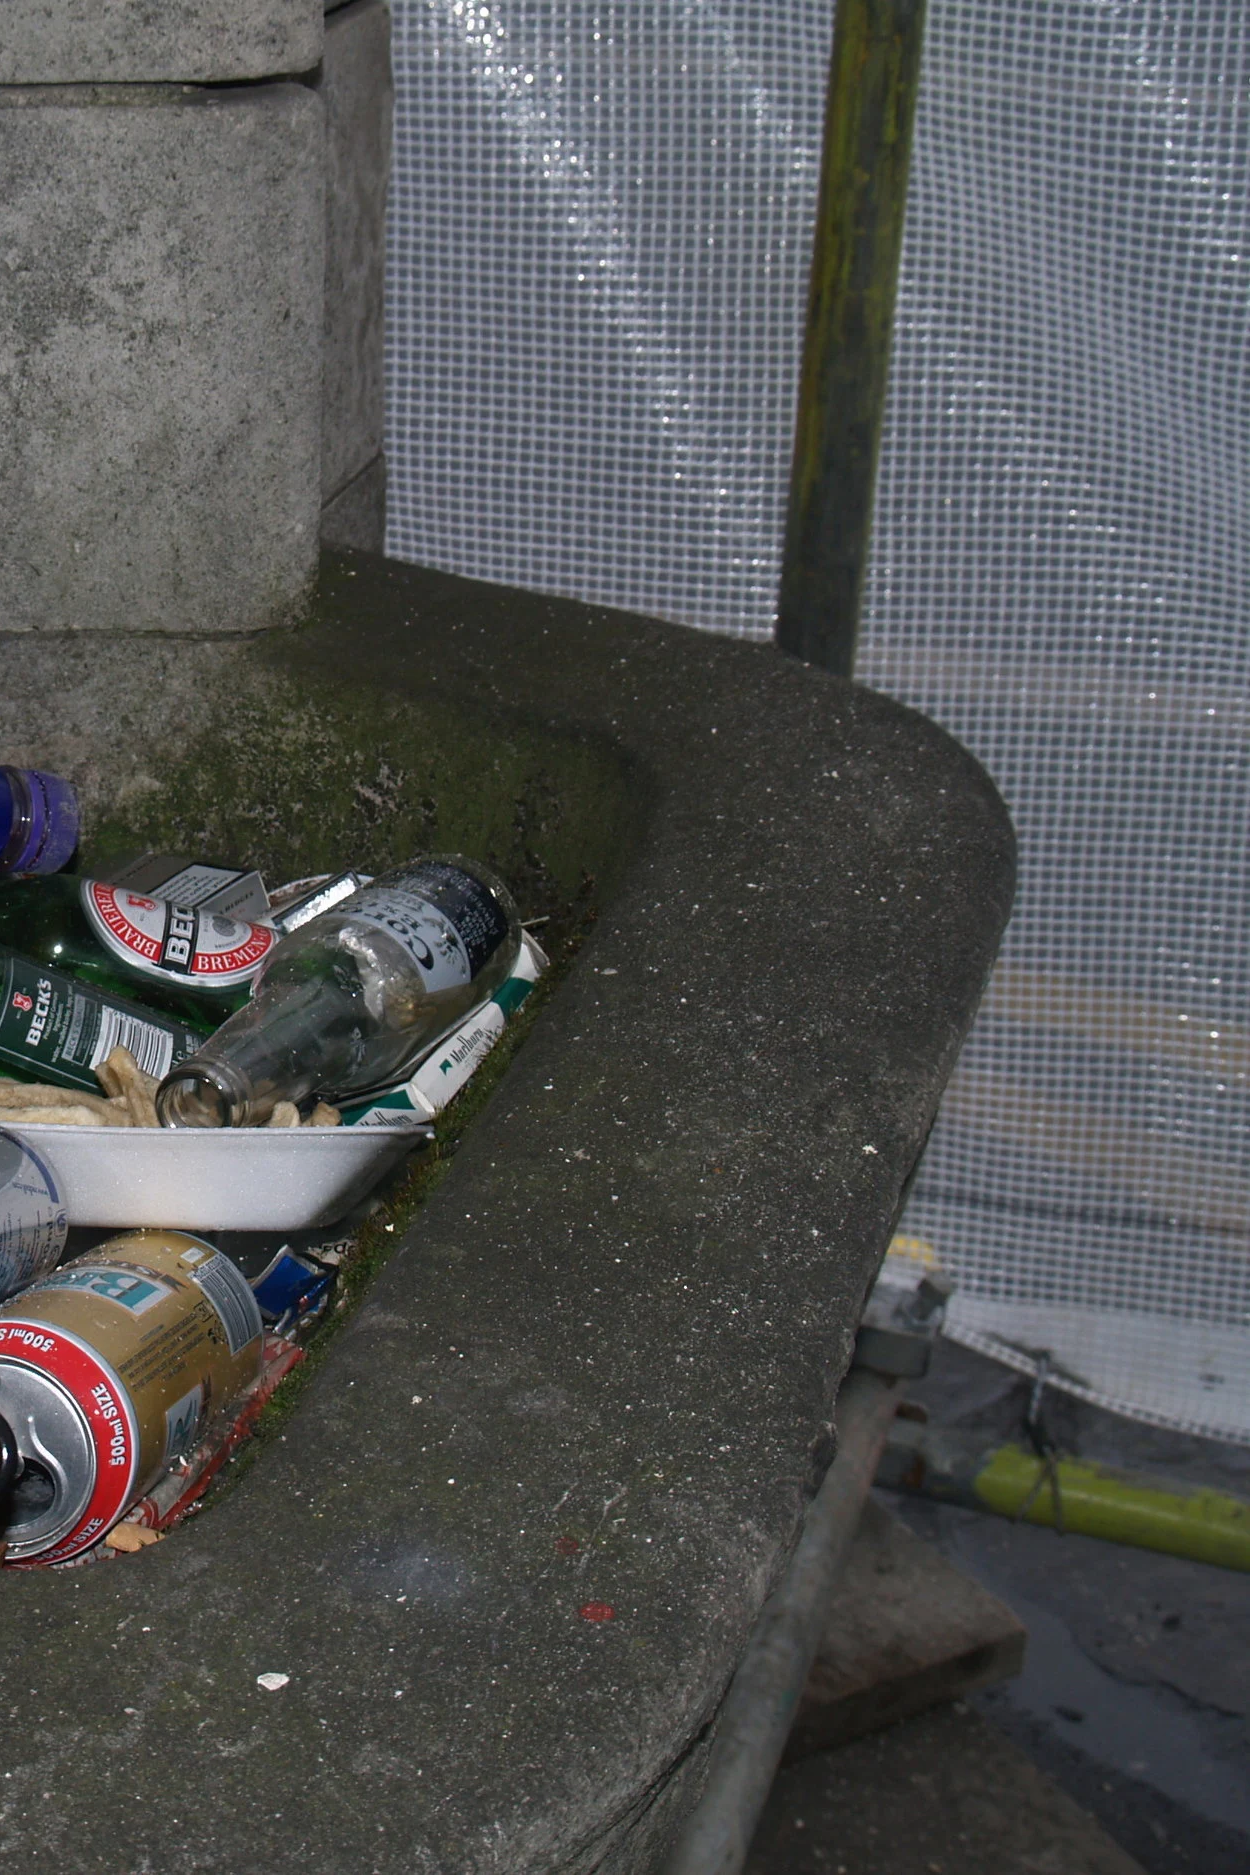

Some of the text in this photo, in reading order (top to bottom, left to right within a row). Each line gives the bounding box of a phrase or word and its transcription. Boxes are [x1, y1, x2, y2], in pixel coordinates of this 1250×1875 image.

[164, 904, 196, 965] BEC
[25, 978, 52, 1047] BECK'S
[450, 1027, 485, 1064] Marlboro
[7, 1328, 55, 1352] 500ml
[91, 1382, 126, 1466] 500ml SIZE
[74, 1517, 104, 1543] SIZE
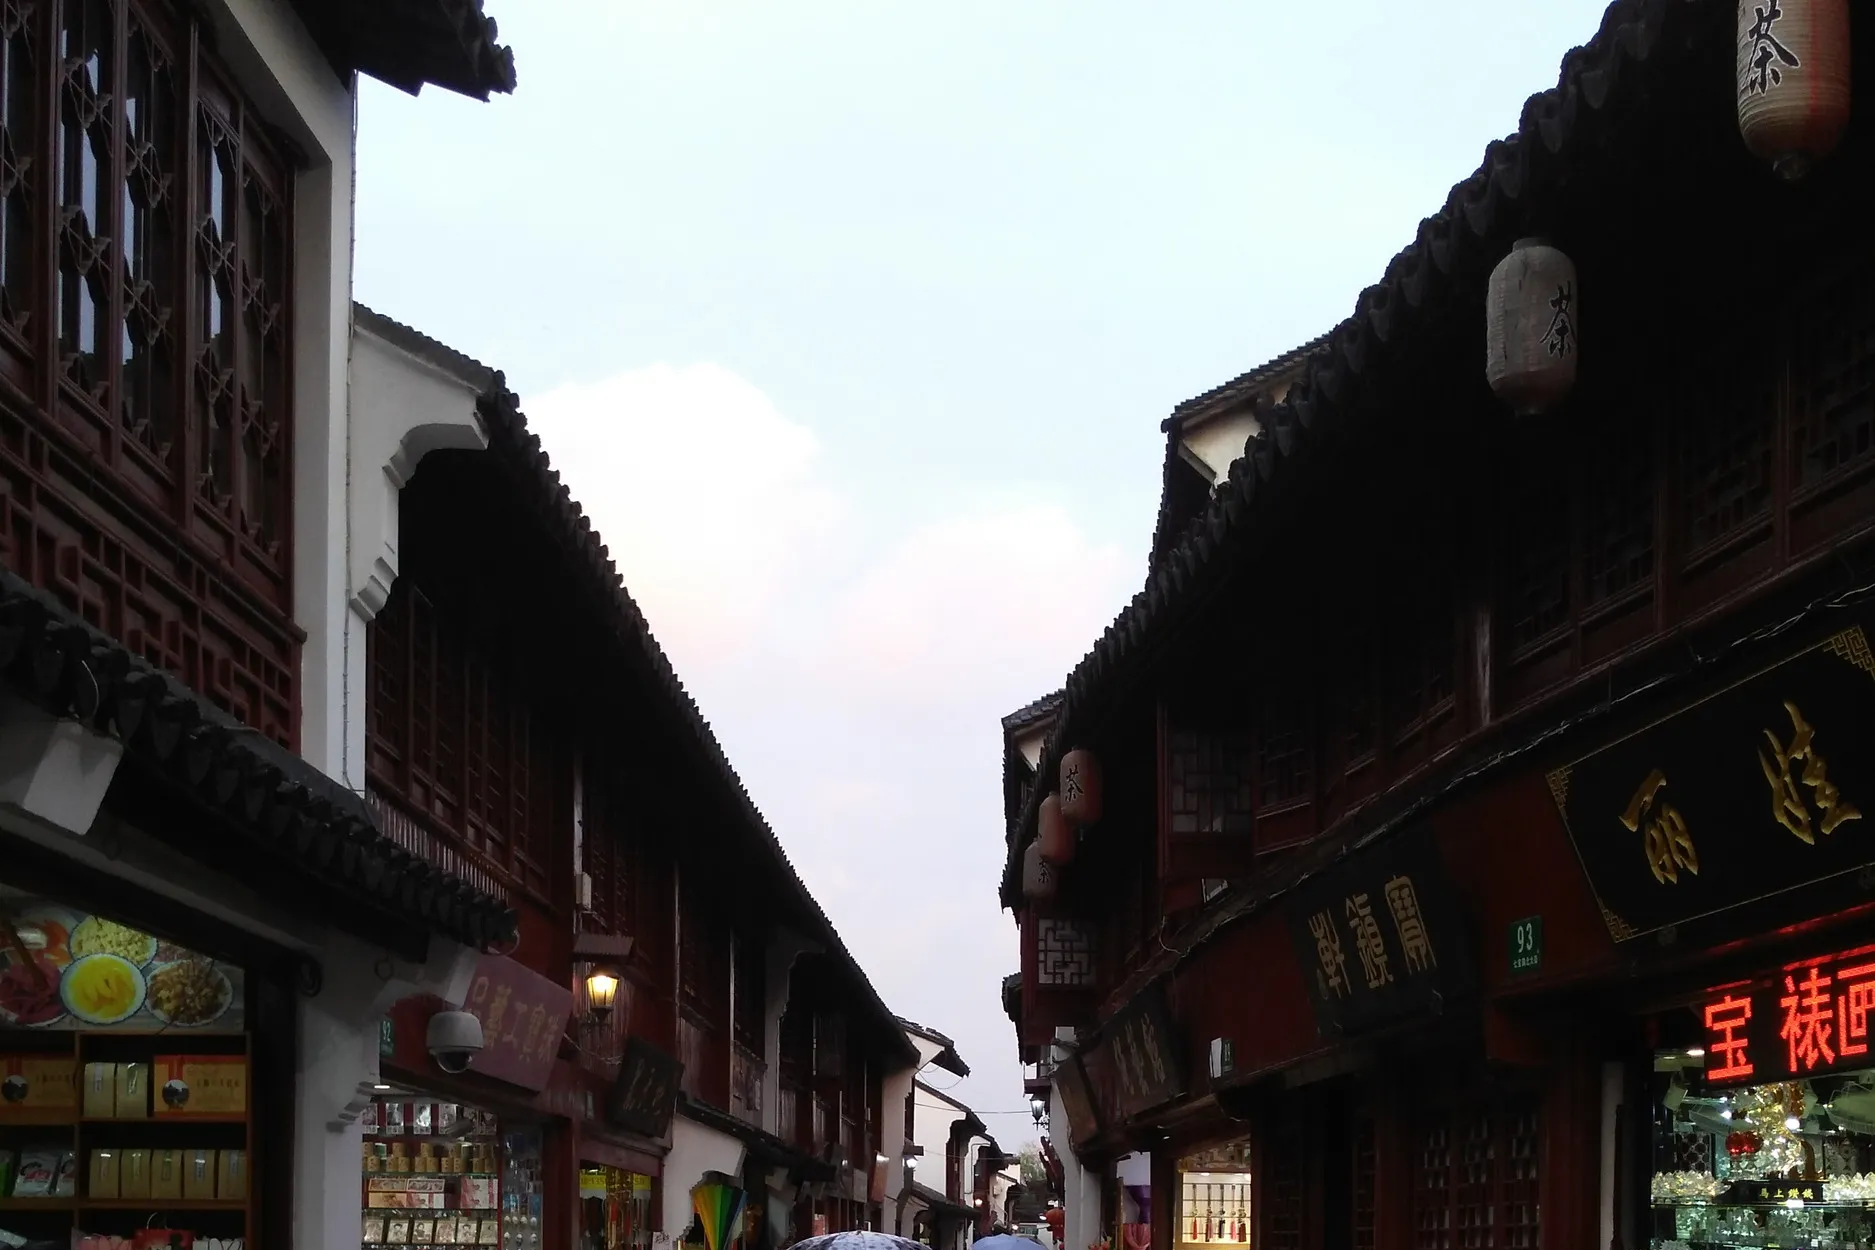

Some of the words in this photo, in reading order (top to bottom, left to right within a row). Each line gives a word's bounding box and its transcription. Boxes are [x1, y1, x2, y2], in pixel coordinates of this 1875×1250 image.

EXERCISE: Write out all of the data above exactly, pictures excluded.

EXERCISE SOLUTION:
Some of the text in this photo, in reading order (top to bottom, left to right within a row). Each line gives the bounding box of a phrase or word and its transcription. Boxes are [x1, y1, x2, y2], in pixel coordinates of this 1250×1875 image.

[164, 904, 196, 965] BEC
[25, 978, 52, 1047] BECK'S
[450, 1027, 485, 1064] Marlboro
[7, 1328, 55, 1352] 500ml
[91, 1382, 126, 1466] 500ml SIZE
[74, 1517, 104, 1543] SIZE

Some of the words in this photo, in reading order (top to bottom, left to right within a row). Each line gives a word's bounding box and its transcription. Boxes are [x1, y1, x2, y2], in pixel coordinates of this 1875×1250 image.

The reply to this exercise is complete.